Songbringer's pitch sounds like something retrieved from the dusty libraries of my childhood dreams. I mean, listen to this:

"What if each time you played The Legend of Zelda it was a different world with unique secrets and mysteriously new dungeons? Songbringer is a Zelda-like action-adventure-RPG in which you can explore over 300 million unique worlds overflowing with recently awakened demons, virus androids and other sullied creatures. Along the way you will uncover long lost devices and combine them into powerful artifacts. If you are skilled with the nanosword you will vanquish giants and save a planet from being overrun."

Millions of unique worlds? Zelda-style exploration, combat, and puzzling? Be still, my beating heart. Wait, no, I need you for living. Please do not stop beating under any circumstance, ever.

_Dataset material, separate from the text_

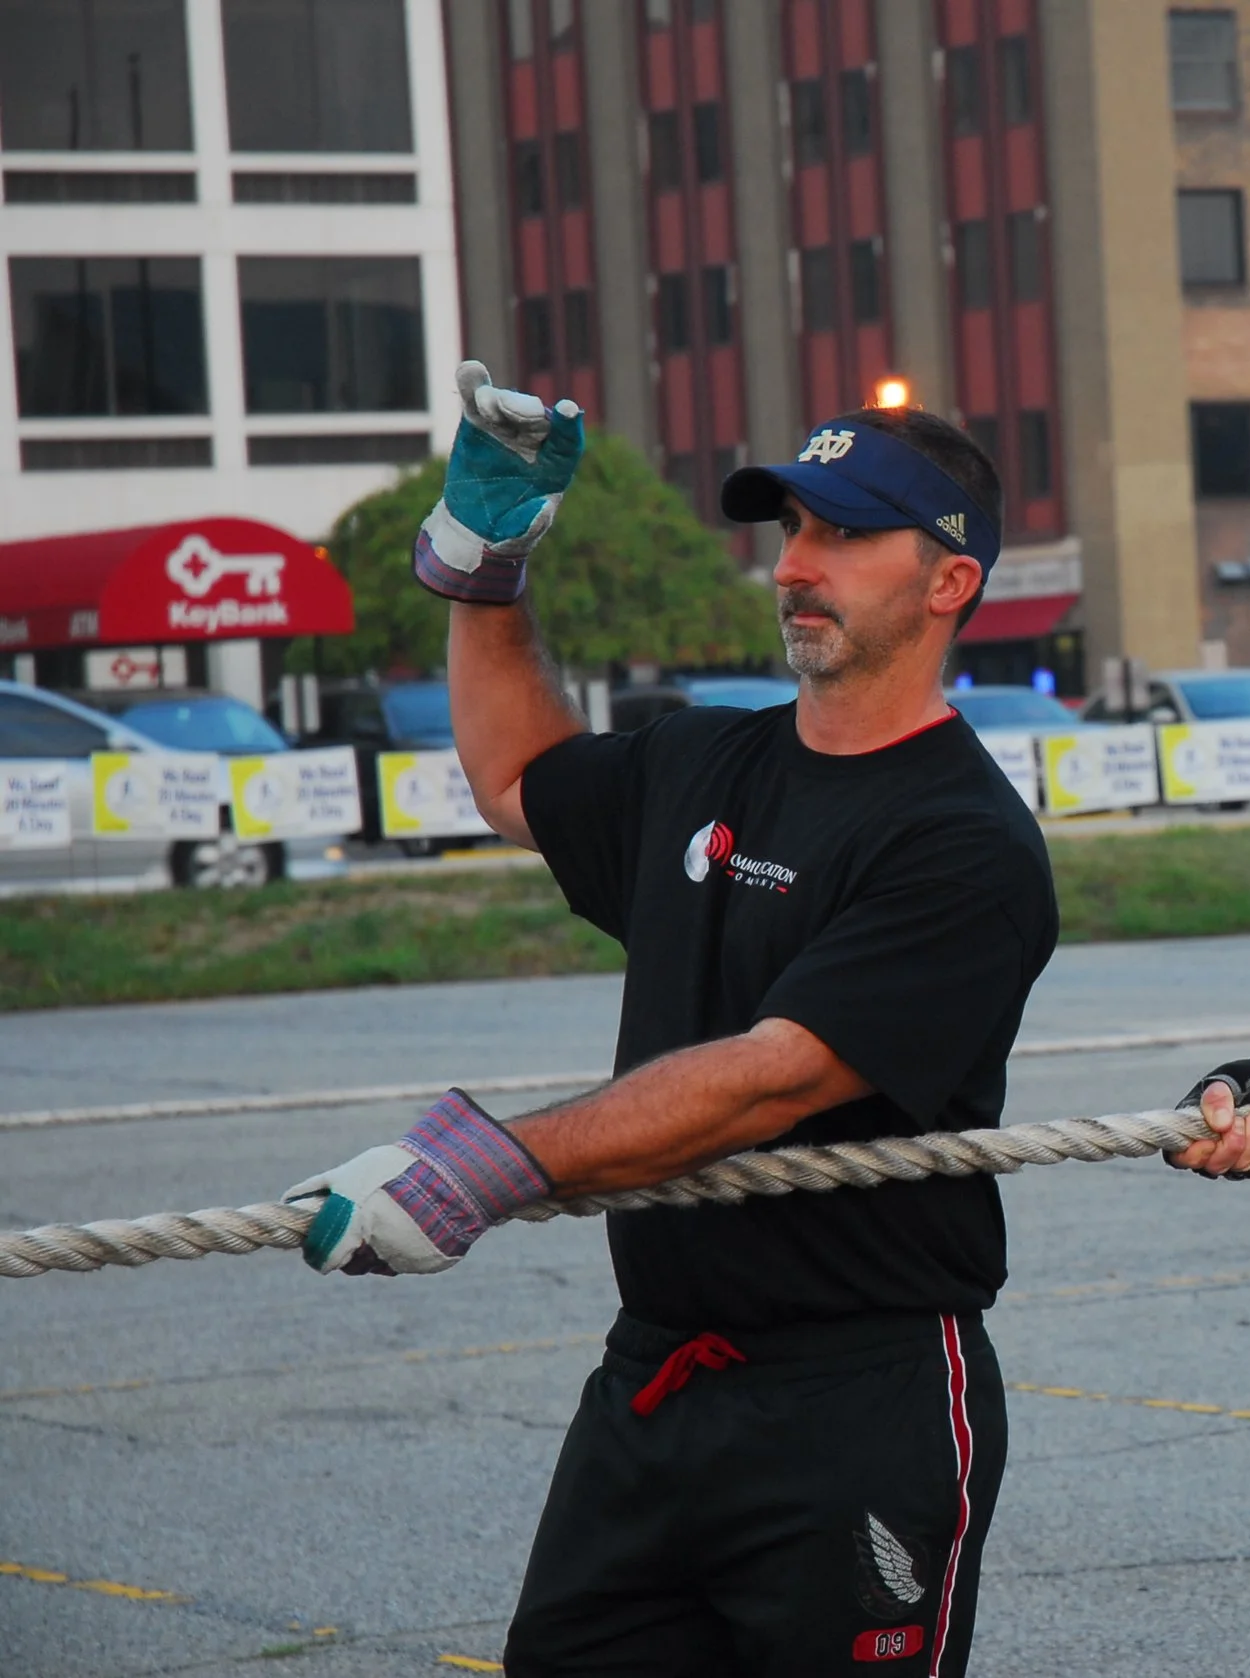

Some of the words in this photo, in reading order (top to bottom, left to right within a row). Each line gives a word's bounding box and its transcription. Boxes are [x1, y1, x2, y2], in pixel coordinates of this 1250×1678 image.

But OK, how will this extremely ambitious game actually work? Well, the randomization, at least, sounds quite doable (and pretty cool):

"You choose a 6-letter world seed every time you begin a new quest. This seed is used to procedurally generate the planet, overworld, secrets and dungeons. As a player, you can choose to enter a unique seed and play an entirely surprising world. Or you can enter a seed you are familiar with and can rip through at a speed run pace. Maybe you are going for the global record?"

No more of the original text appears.